The liver has amazing qualities, such as the ability to repair itself. While medical experts have found the liver’s abilities exceptional in many ways, recent research shows that there is even more to be discovered; in a recent study, researchers have finally established what aids the liver’s repair process.
The process is facilitated by a diffusion of rare stem cells, which produce increased levels of a protein known as telomerase, usually associated with anti-aging effects. The new study also shows that these rare stem cells are characterized by fewer metabolic genes. This makes them different from other liver cells which may be prone to wear and tear.
In a recent journal article, researchers from Stanford University School of Medicine demonstrate that about 3% to 5% of stem liver cells in mice are responsible for the increased levels of telomerase, which in turn, lowers metabolism. These stem cells can move to various parts of the liver, and they can make new cells on a regular basis, or whenever there is liver damage.

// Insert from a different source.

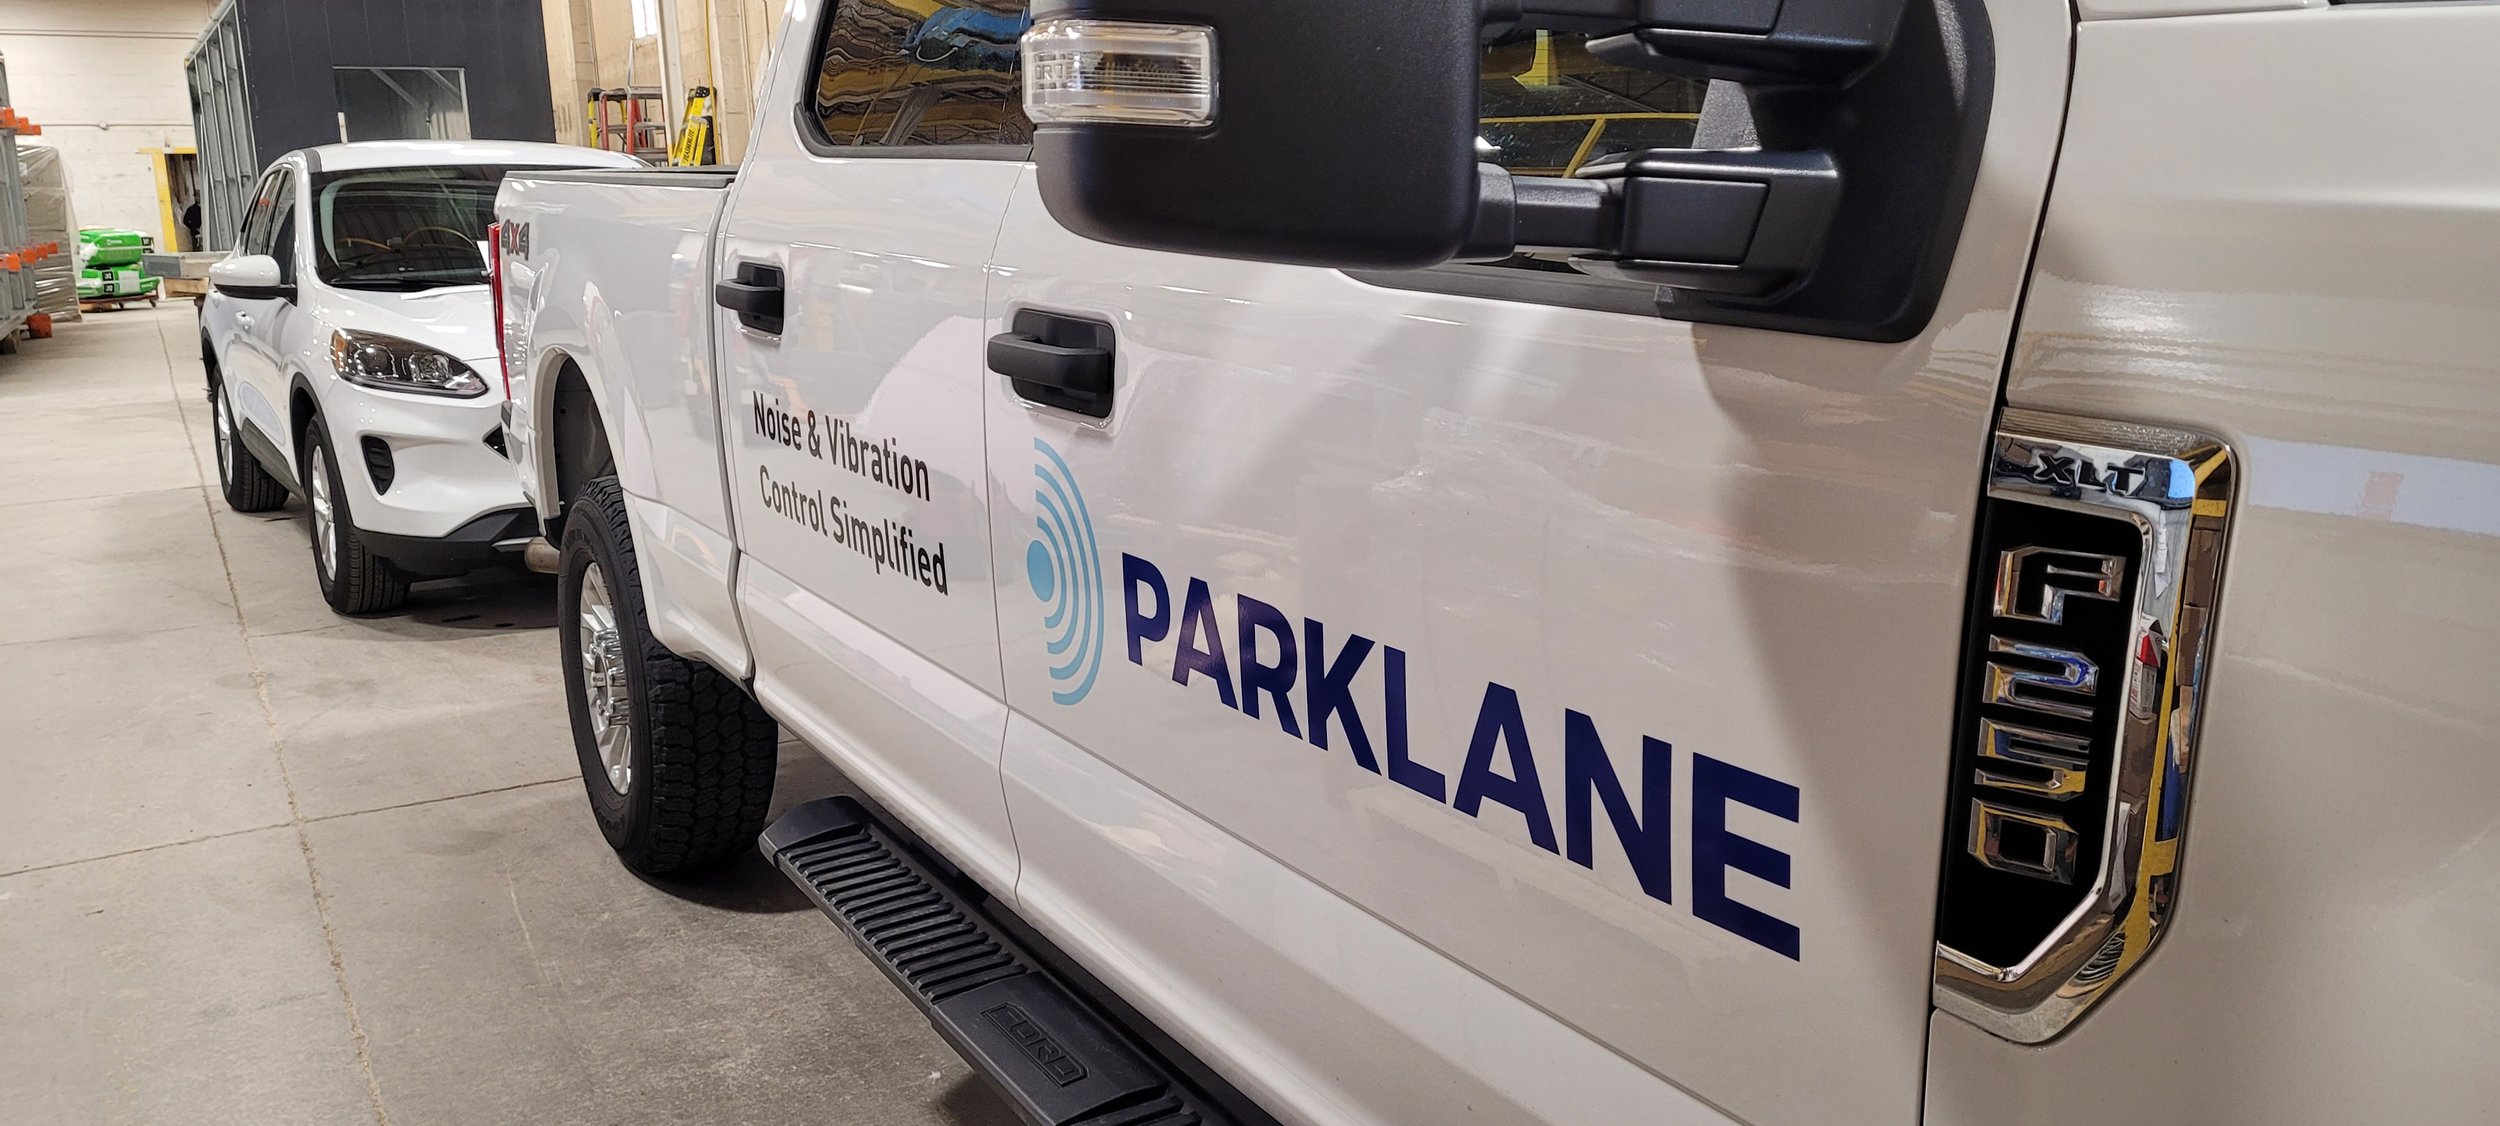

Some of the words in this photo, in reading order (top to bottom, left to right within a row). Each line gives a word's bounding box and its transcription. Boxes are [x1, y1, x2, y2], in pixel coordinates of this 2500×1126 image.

These special stem cells usually regenerate hepatocytes in the lobular zones of the liver during homeostasis. They have the ability to renew themselves, and as they do so, it is like creating hepatocyte clones which end up dominating the liver. Whenever there is injury to the liver, stem cells increase in number and they repopulate the organ at an accelerated rate.
The research findings also prove how unique these rare stem cells are. Normally, telomerase production reduces as one grows older. In fact, as we age, cells may have fewer or no telomerase at all. The interesting fact these rare cells is that they can still make telomerase protein even as other body cells age.
Researchers tested this on mice, and found that cells containing telomerase were damaged more quickly than cells which did not contain the protein.
In light of such discoveries, it is crucial to come up with medical solutions that would ensure the protection of these rare liver stem cells for positive purposes; ongoing research is looking at whether drugs should be developed to protect cells that produce telomerase. All in all, the study has opened a new way of looking at liver regeneration and the possibilities of treating liver damage more efficiently.